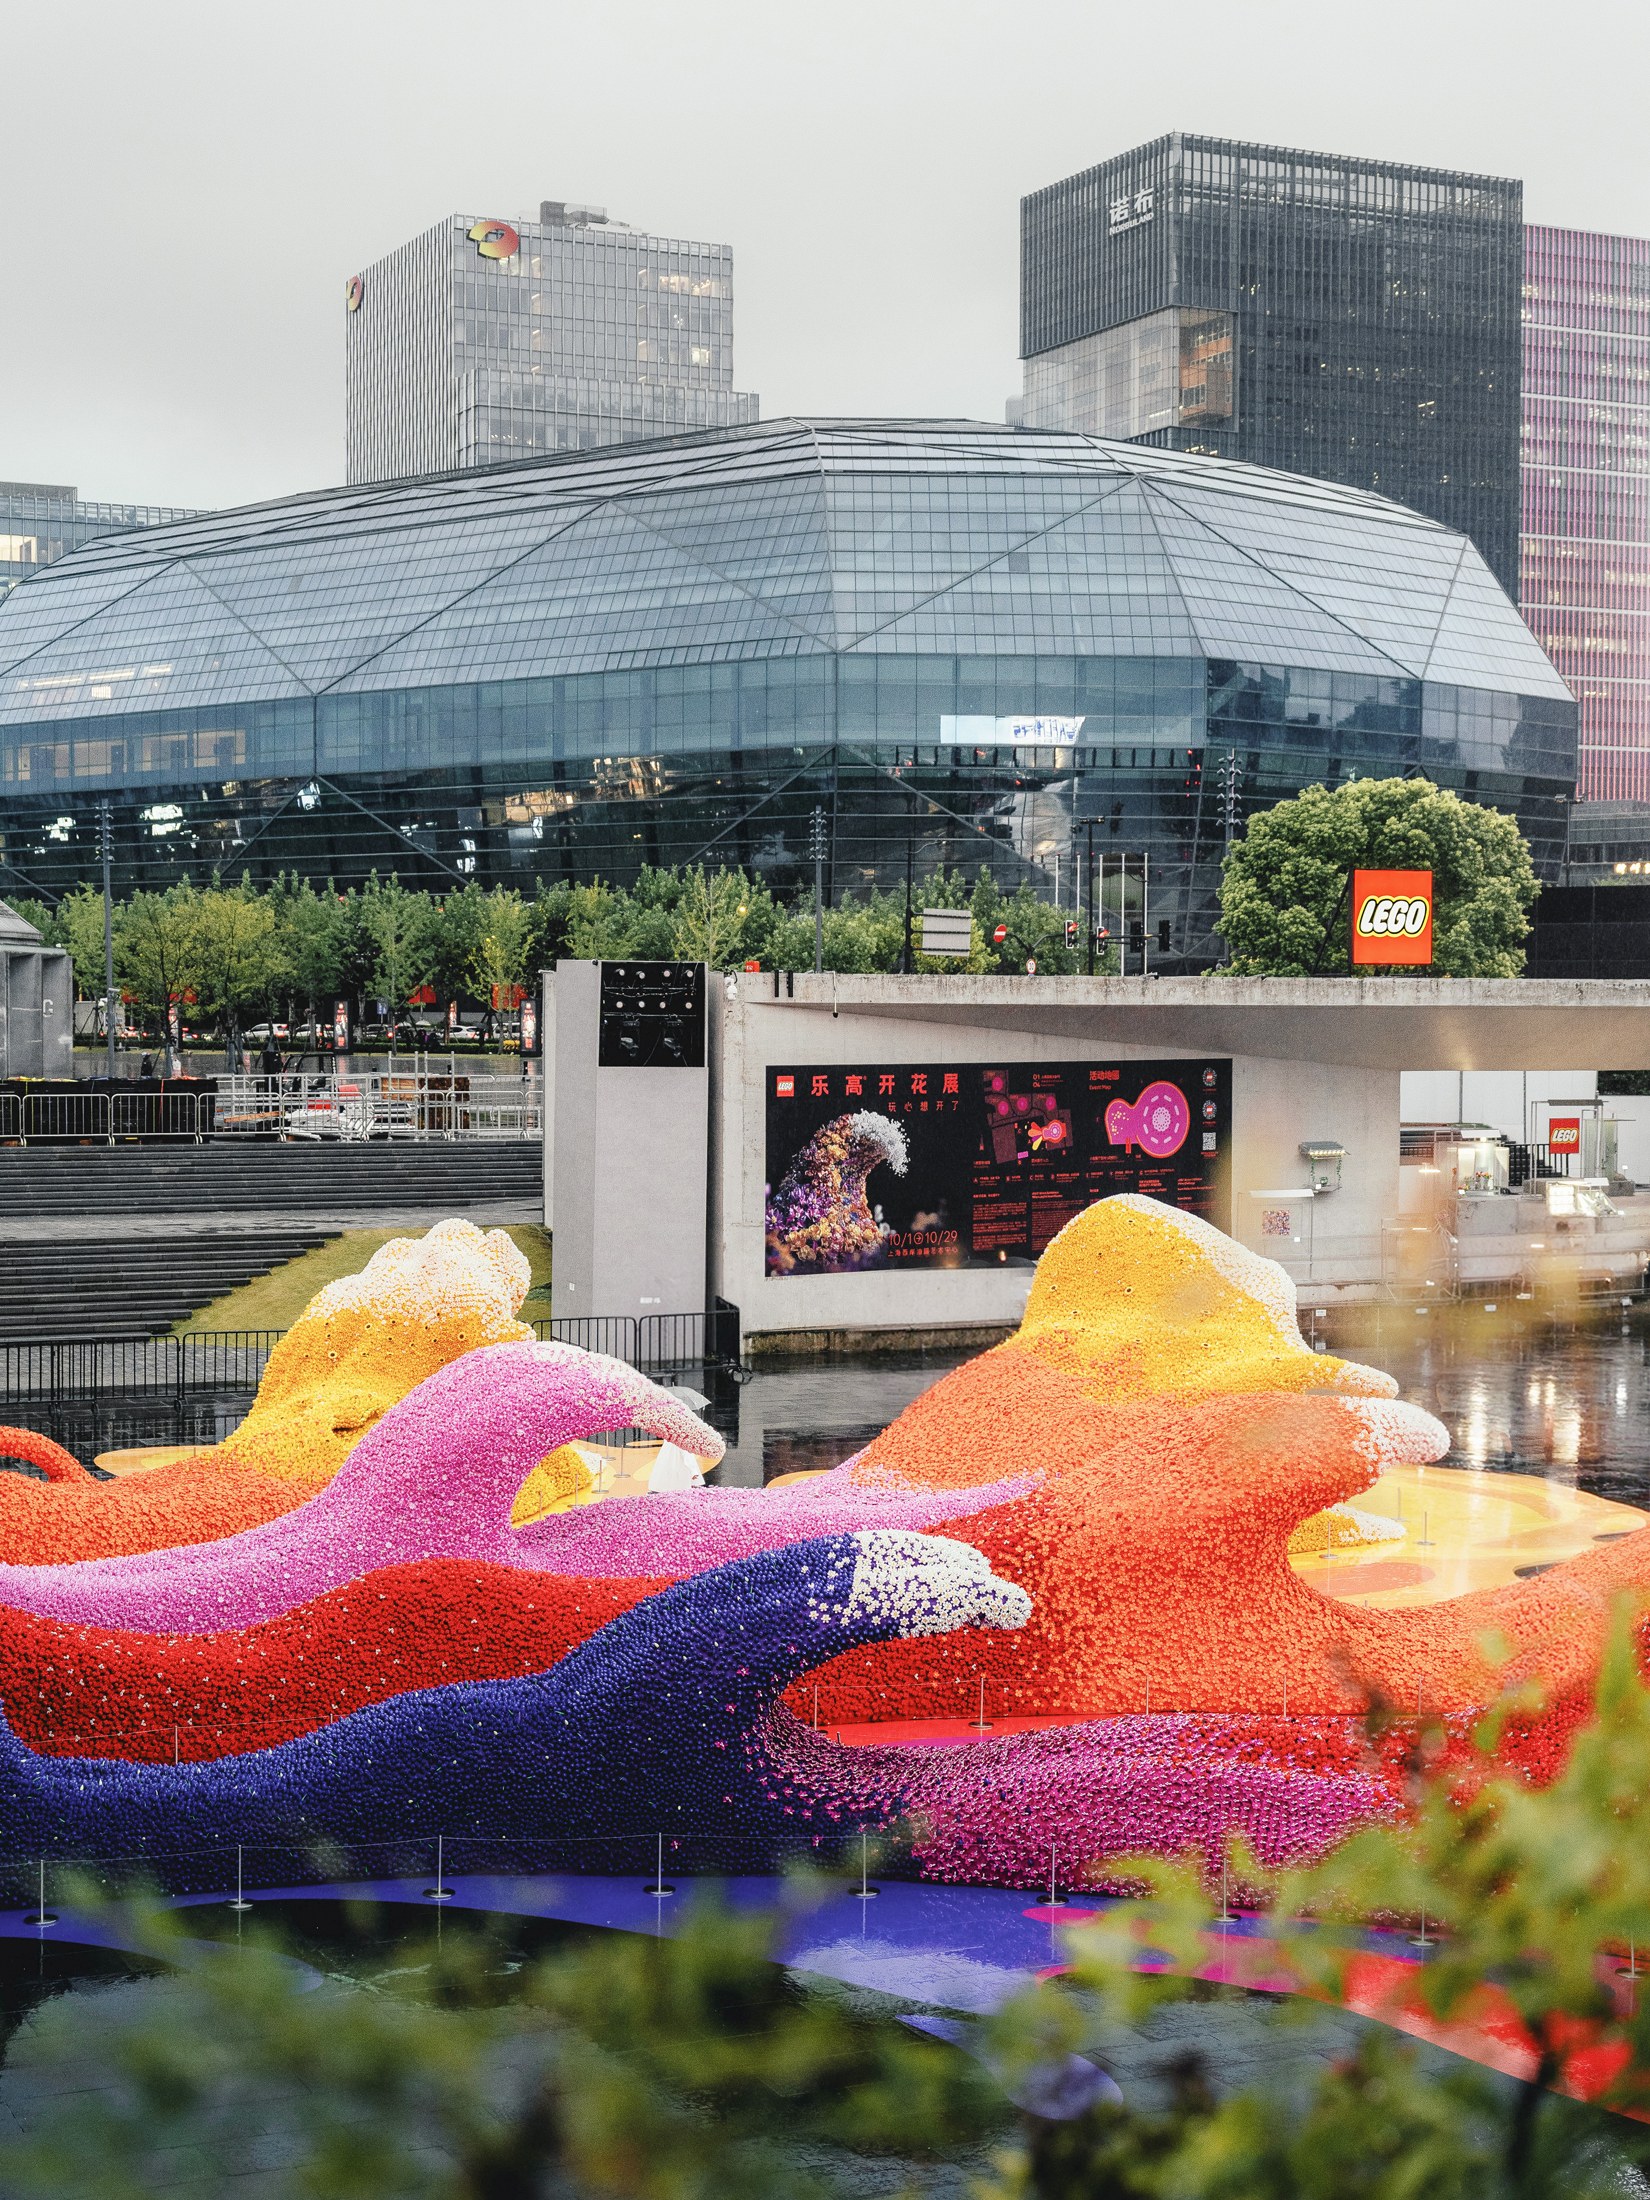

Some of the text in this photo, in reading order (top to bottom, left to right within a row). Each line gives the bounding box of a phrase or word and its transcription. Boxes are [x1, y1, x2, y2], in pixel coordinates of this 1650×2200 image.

[1110, 187, 1154, 224] 诺布
[1110, 212, 1154, 236] NORBULAND
[1358, 897, 1429, 936] LEGO
[43, 999, 53, 1018] G
[1089, 1069, 1120, 1081] 活动地图
[777, 1081, 793, 1091] LEGO
[888, 1100, 959, 1113] 玩心想开了
[1552, 1128, 1578, 1143] LEGO
[888, 1232, 912, 1248] 10/1
[925, 1230, 958, 1246] 10/29

*****

--- ACTIVITY ---
Recreate the listing above word for word, dropping each picture it contains.

--- EXERCISE ANSWER ---
Some of the text in this photo, in reading order (top to bottom, left to right within a row). Each line gives the bounding box of a phrase or word and its transcription. Boxes are [x1, y1, x2, y2], in pixel coordinates of this 1650×2200 image.

[1110, 187, 1154, 224] 诺布
[1110, 212, 1154, 236] NORBULAND
[1358, 897, 1429, 936] LEGO
[43, 999, 53, 1018] G
[1089, 1069, 1120, 1081] 活动地图
[777, 1081, 793, 1091] LEGO
[888, 1100, 959, 1113] 玩心想开了
[1552, 1128, 1578, 1143] LEGO
[888, 1232, 912, 1248] 10/1
[925, 1230, 958, 1246] 10/29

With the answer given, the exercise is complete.